- Study material -
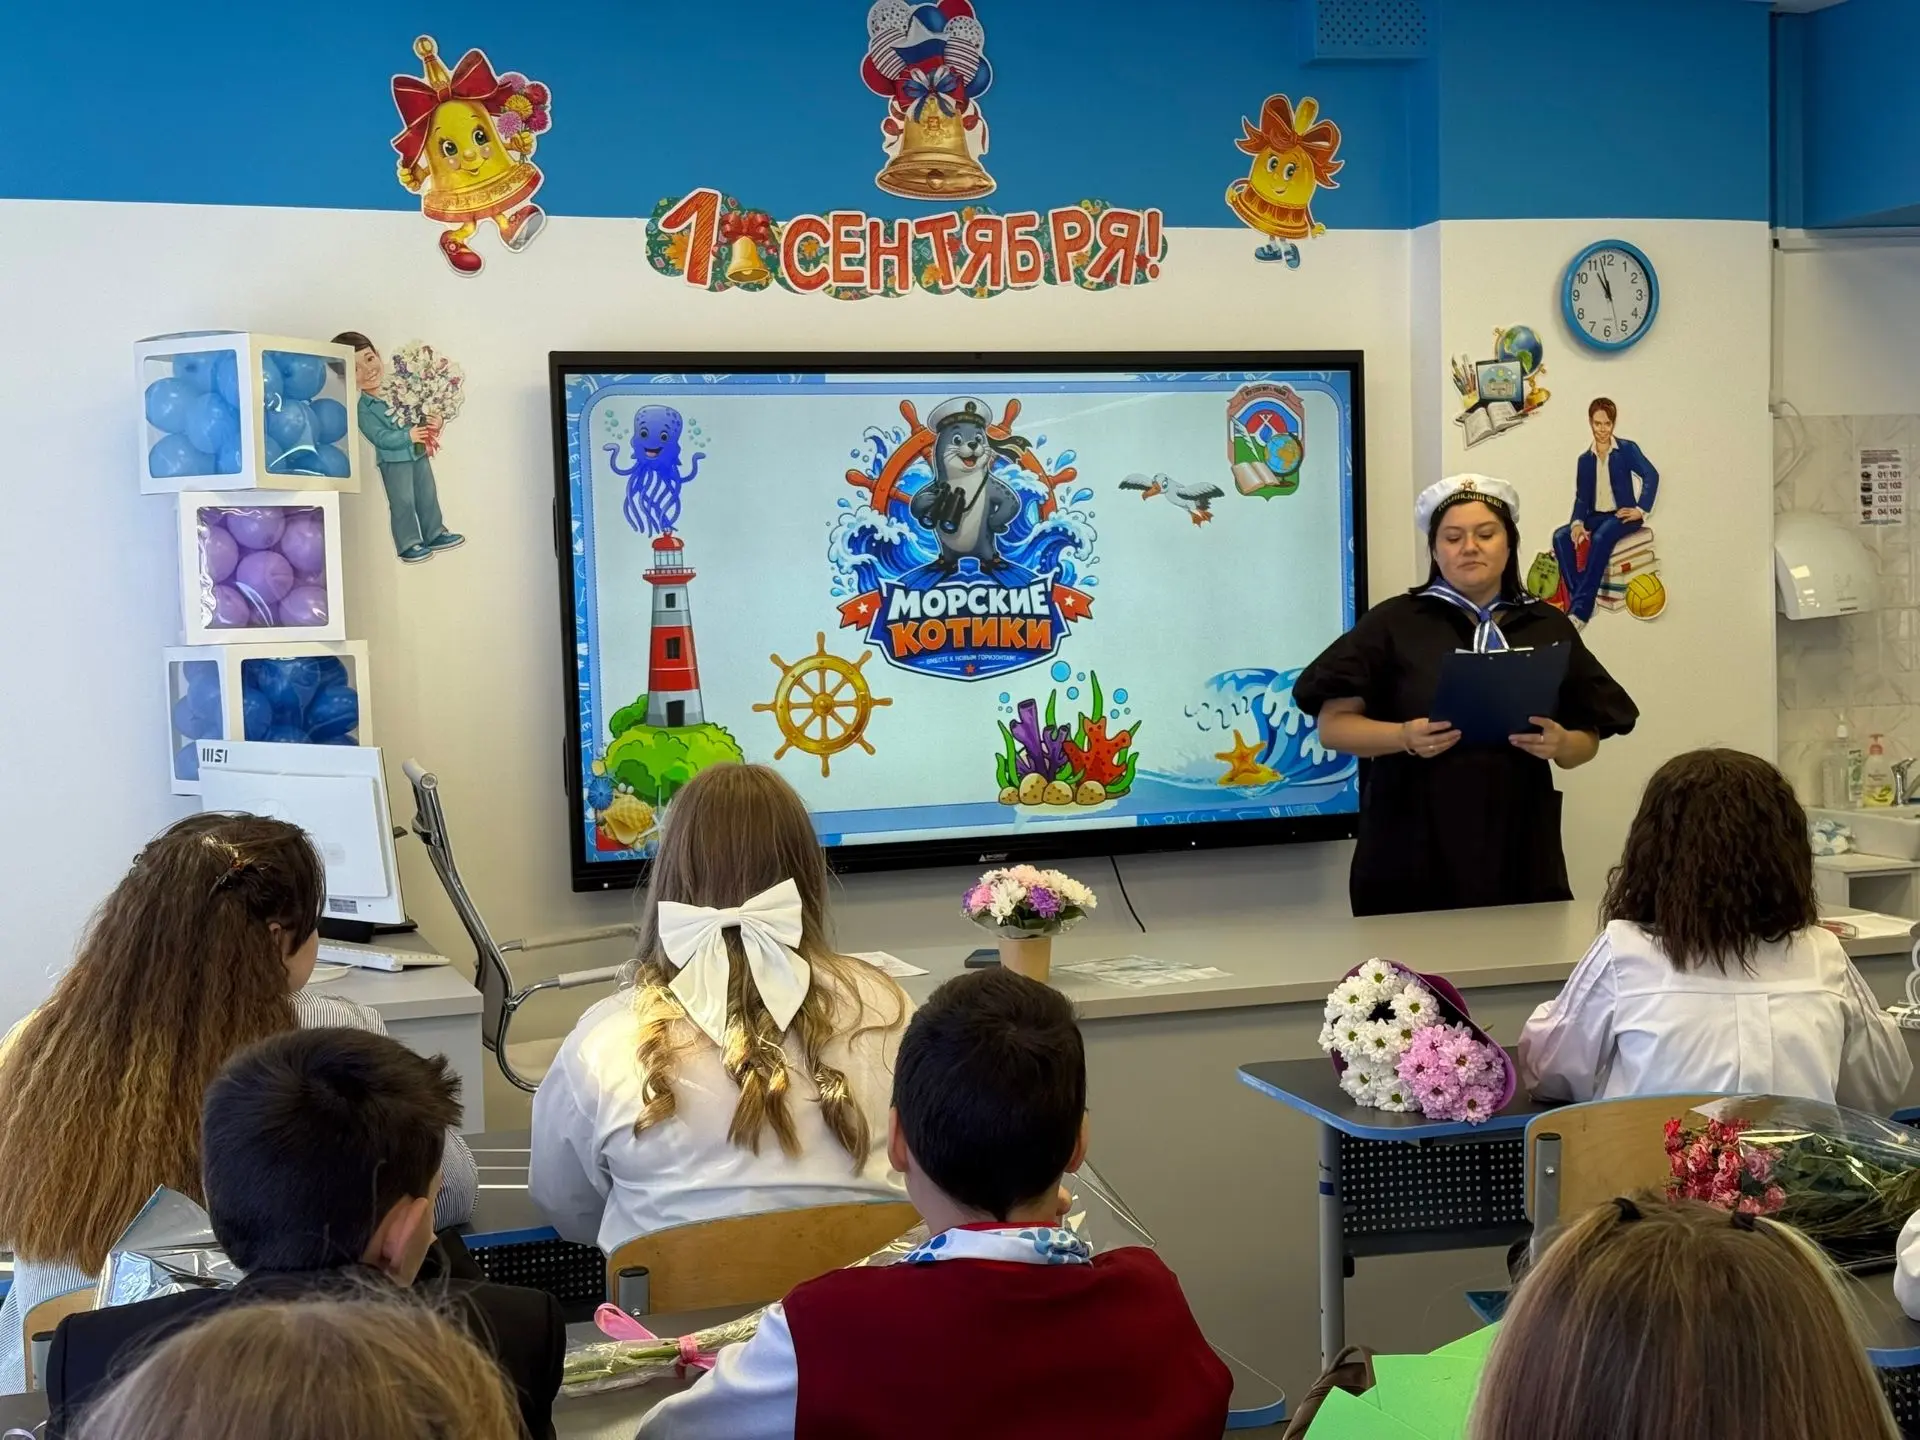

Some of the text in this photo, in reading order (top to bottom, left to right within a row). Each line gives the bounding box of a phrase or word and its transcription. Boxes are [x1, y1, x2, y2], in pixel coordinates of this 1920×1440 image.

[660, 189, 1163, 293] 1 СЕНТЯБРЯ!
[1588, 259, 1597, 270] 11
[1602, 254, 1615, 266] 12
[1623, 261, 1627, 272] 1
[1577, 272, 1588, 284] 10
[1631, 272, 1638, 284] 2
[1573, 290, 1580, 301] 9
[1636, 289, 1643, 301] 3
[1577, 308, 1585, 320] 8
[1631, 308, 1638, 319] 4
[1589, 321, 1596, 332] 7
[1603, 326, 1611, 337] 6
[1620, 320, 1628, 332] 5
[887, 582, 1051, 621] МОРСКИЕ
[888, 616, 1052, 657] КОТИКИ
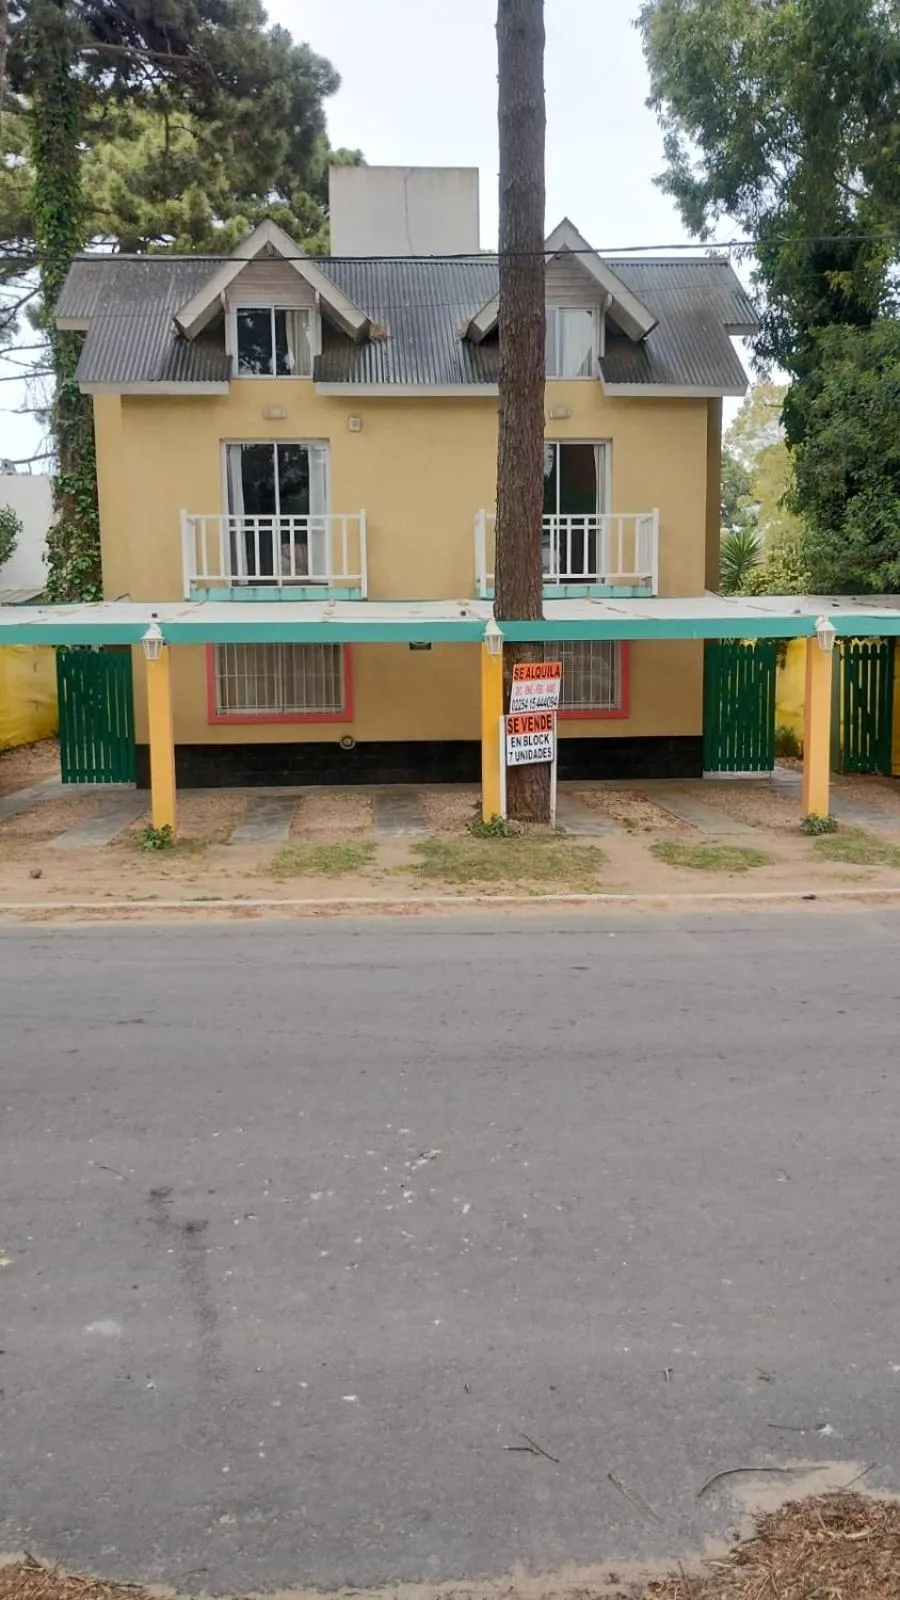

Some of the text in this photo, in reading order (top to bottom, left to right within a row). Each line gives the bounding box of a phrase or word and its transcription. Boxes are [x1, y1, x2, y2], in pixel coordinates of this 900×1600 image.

...

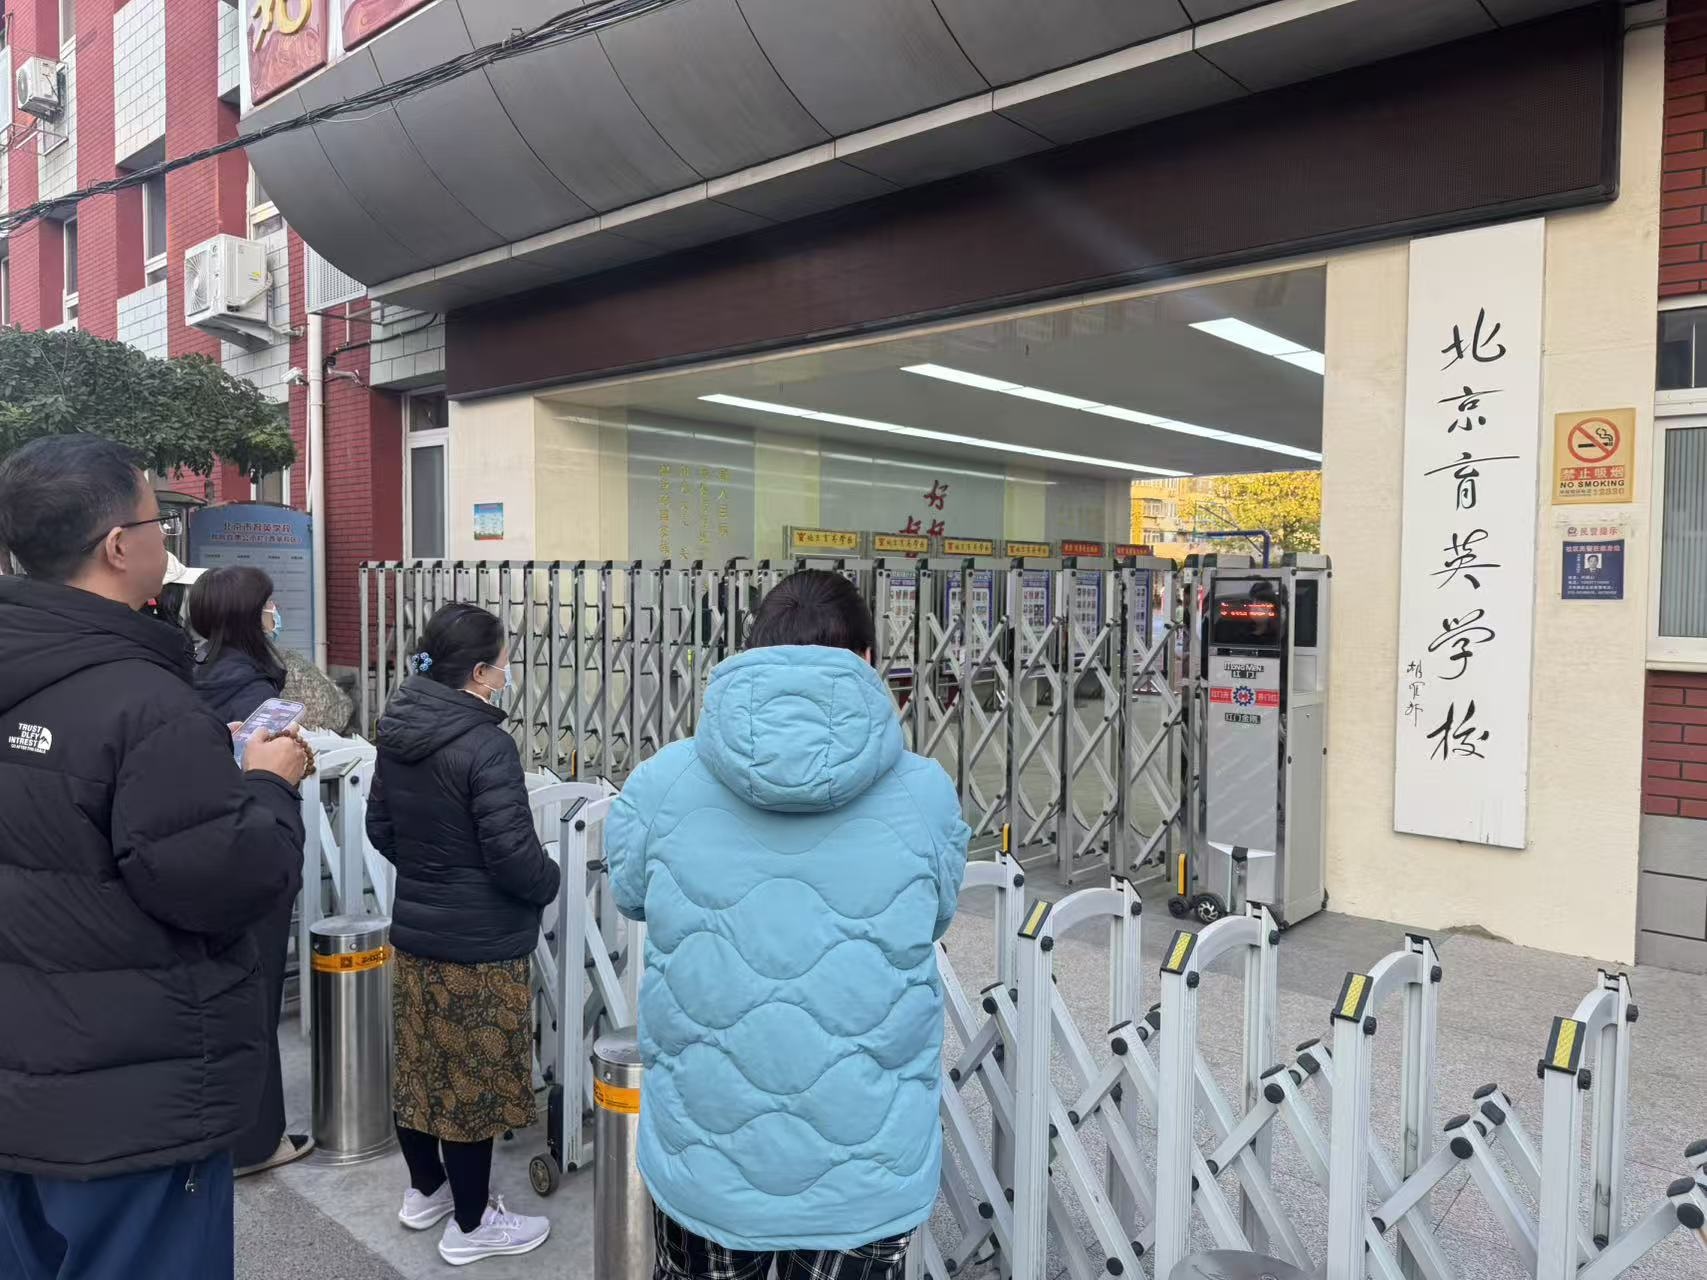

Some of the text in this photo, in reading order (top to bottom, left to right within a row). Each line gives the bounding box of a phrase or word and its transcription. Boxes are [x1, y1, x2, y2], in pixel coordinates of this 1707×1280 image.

- Work request -
Using the material above, transcribe exactly the lines from the one holding "this 1920×1440 image." to the one holding "this 900×1600 image.", both ends kept. Do not carry over any pictures.

- Answer box -
Some of the text in this photo, in reading order (top to bottom, left to right within a row). Each line gives the bounding box of a phrase or word and its transcription. Boxes are [x1, y1, x2, y2], in pixel coordinates of this 1920×1440 image.

[660, 189, 1163, 293] 1 СЕНТЯБРЯ!
[1588, 259, 1597, 270] 11
[1602, 254, 1615, 266] 12
[1623, 261, 1627, 272] 1
[1577, 272, 1588, 284] 10
[1631, 272, 1638, 284] 2
[1573, 290, 1580, 301] 9
[1636, 289, 1643, 301] 3
[1577, 308, 1585, 320] 8
[1631, 308, 1638, 319] 4
[1589, 321, 1596, 332] 7
[1603, 326, 1611, 337] 6
[1620, 320, 1628, 332] 5
[887, 582, 1051, 621] МОРСКИЕ
[888, 616, 1052, 657] КОТИКИ

Some of the text in this photo, in reading order (top to bottom, left to right within a row). Each line gives the bounding box of a phrase or word and its transcription. Boxes are [x1, y1, x2, y2], in pixel coordinates of this 900×1600 image.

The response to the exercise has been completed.